Sun Life: Stock Screen Finds Dividend Bargain
08/29/2016 7:00 am EST
In our search for the best undervalued Canadian dividend payers, we looked for stocks with 3%+ yields, consensus buy ratings, traded below consensus 12-month target prices, and had P/Es below their sector's average, explains Ari Charney, editor of Income without Borders.
That left us with 26 stocks that offer attractive yields at bargain prices. We further tightened our standards by looking for firms with payout ratios below 100% that generated positive free cash flows over the trailing year.
After all, we want to be reasonably confident that our dividend payers can actually sustain their payouts. That more than halved our list, to 10 names.
Since we like a rising paycheck, we narrowed our focus to companies that have grown their dividends over the past five years.
We then screened for companies that analysts expect to grow their earnings per share over the next three to five years. That whittled our list down to two names.
But as risk-averse income investors, we had to ditch one of the stocks because it exhibits the sort of volatility that might keep us up at night. That left us with Canadian life insurer Sun Life Financial (SLF).
If the mere thought of insurance is already lulling you to sleep, then good! We love dividends and hate drama, so the more boring, the better.
But here's what's exciting about Sun Life — its stock has a forward yield of 3.8%, while trading at just 11.4 times forward earnings.
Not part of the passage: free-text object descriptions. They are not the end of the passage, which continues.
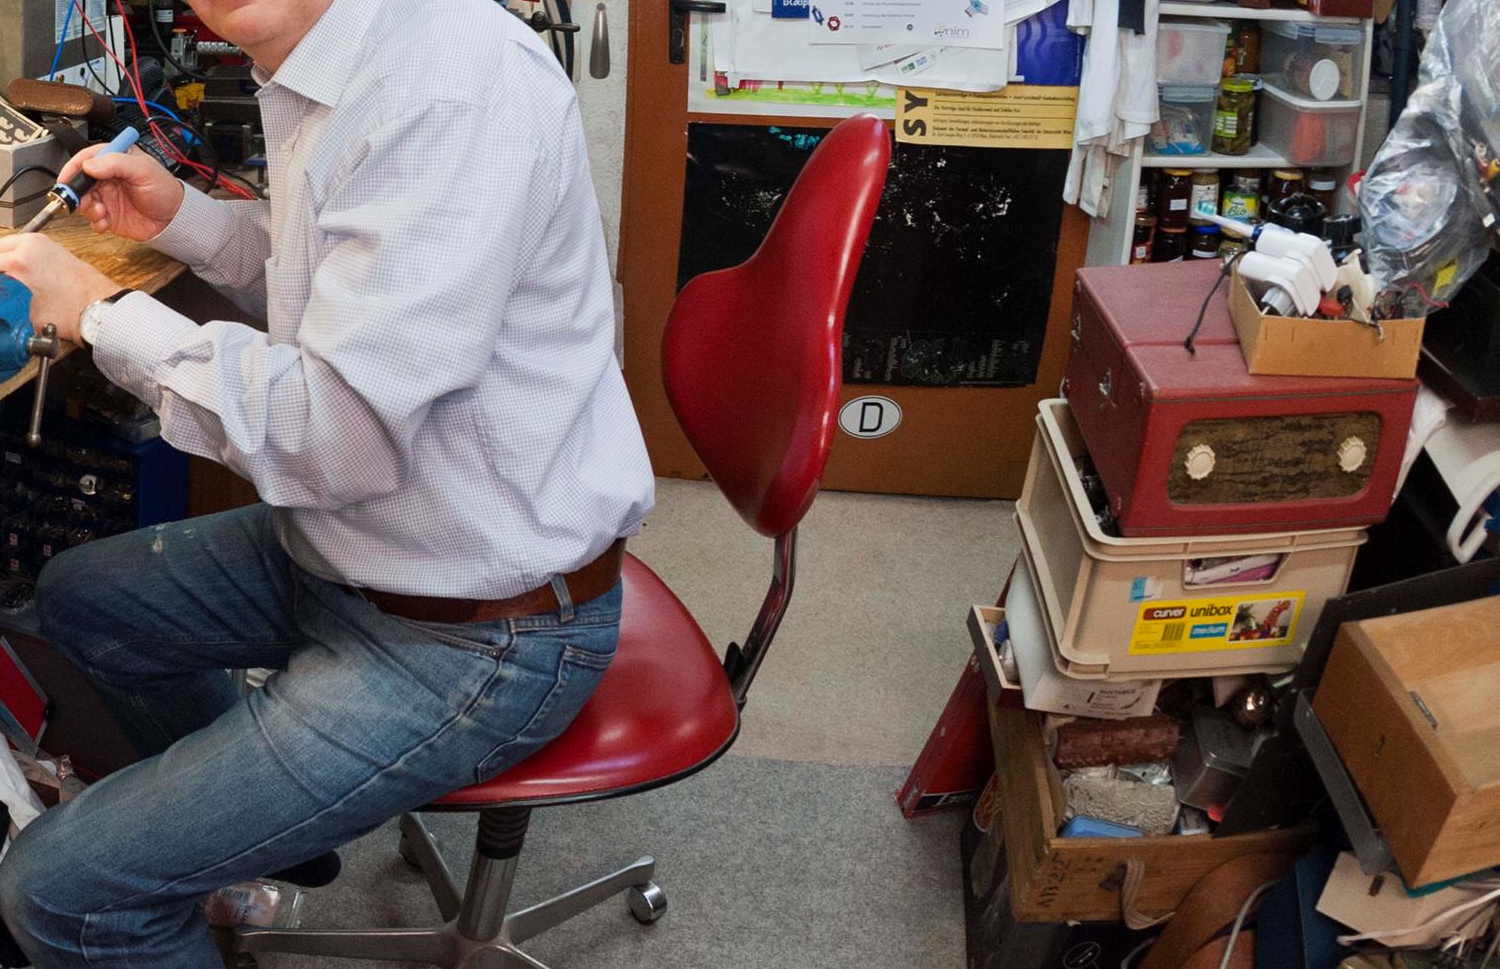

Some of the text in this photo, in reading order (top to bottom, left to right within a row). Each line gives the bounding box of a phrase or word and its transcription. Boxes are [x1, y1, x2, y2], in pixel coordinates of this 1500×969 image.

[903, 90, 928, 137] SY
[859, 402, 884, 432] D
[1152, 603, 1234, 619] curver unibox
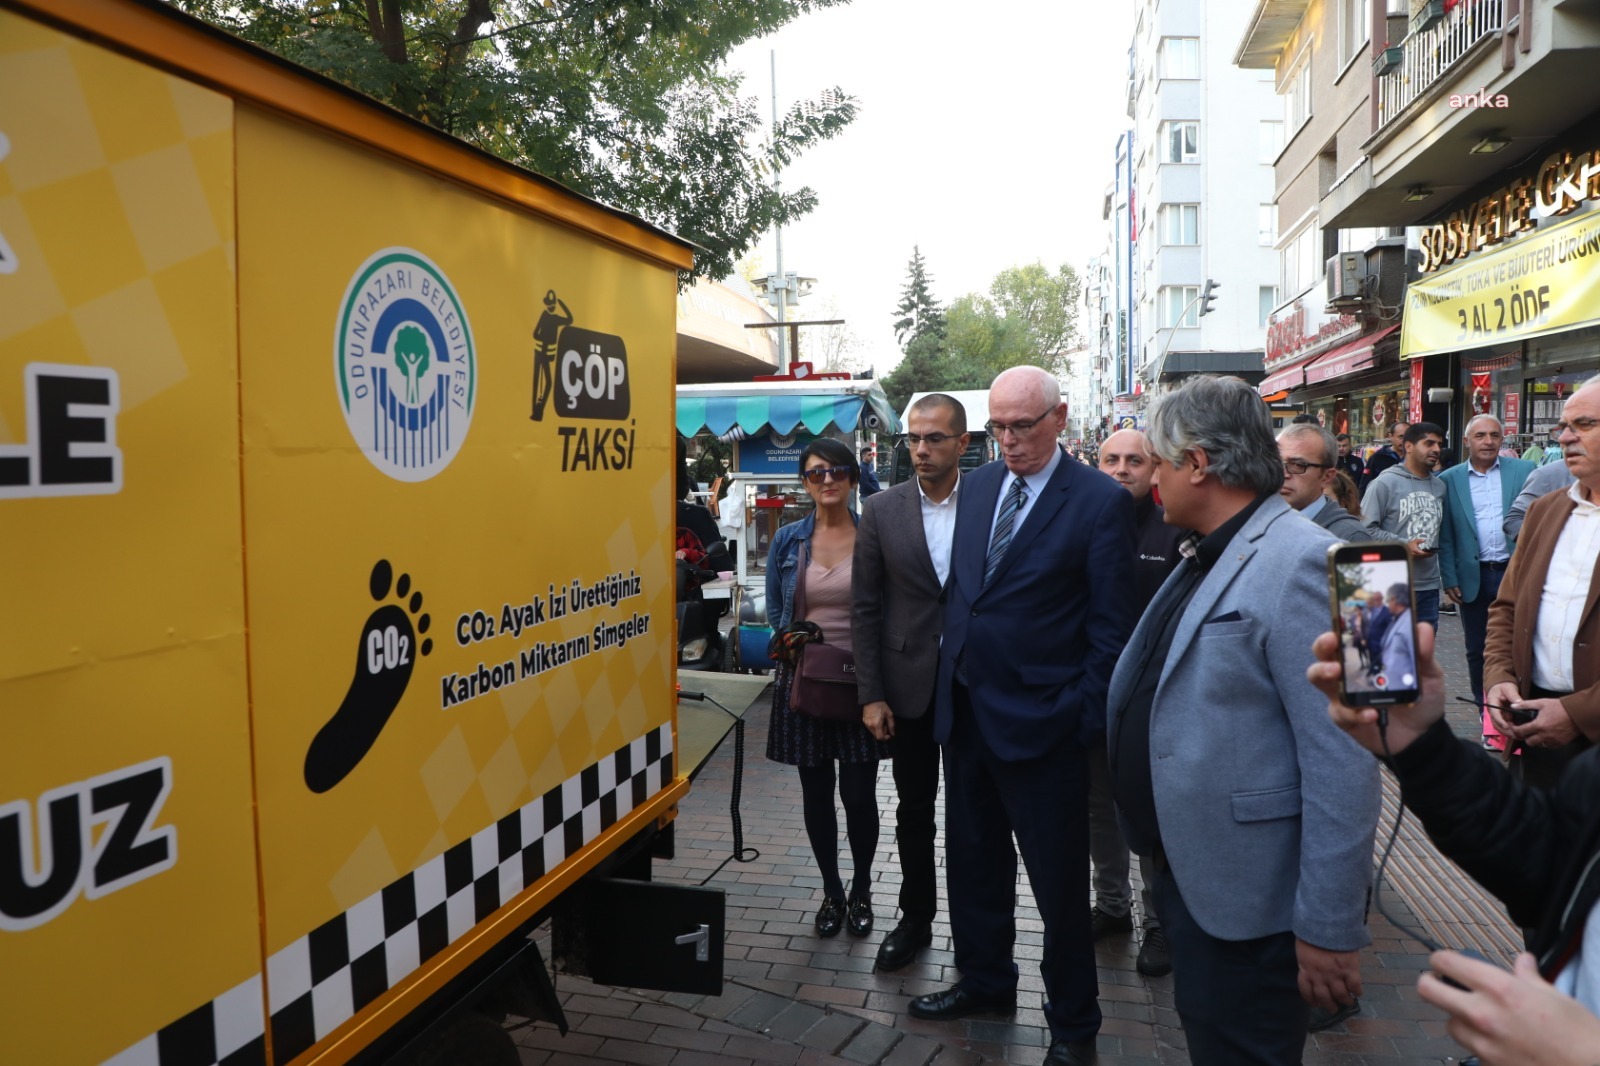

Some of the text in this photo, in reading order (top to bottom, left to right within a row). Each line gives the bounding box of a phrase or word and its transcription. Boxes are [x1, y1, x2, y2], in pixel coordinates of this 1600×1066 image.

[1418, 178, 1529, 273] SOSYETE
[1467, 268, 1490, 293] TOKA
[1493, 262, 1506, 284] VE
[1508, 238, 1555, 280] BİJUTERİ
[1558, 227, 1600, 264] ÜRÜN
[350, 269, 467, 410] ODUNPAZARI BELEDİYESİ
[1457, 285, 1550, 342] 3 AL 2 ÖDE
[561, 344, 625, 409] ÇÖP
[557, 419, 636, 472] TAKSİ
[457, 569, 642, 646] CO2 Ayak İzi Ürettiğiniz
[367, 625, 409, 675] CO2
[442, 611, 650, 709] Karbon Miktarını Simgeler
Meanwhile, management has been aggressively de-risking the business, which has translated into more reliable earnings and greater dividend growth.
To help steady its business, Sun Life has been pushing into wealth and asset management, as well as group benefits, and diversifying internationally.
Although dividend growth flat-lined after the global downturn, over the past five quarters the payout has grown 12.5%. Analysts forecast further dividend growth of 10% annually over the next two years.
Sun Life also enjoys largely bullish sentiment among Wall Street and Bay Street analysts alike, at 12 "buys,” five "holds,” and no "sells.”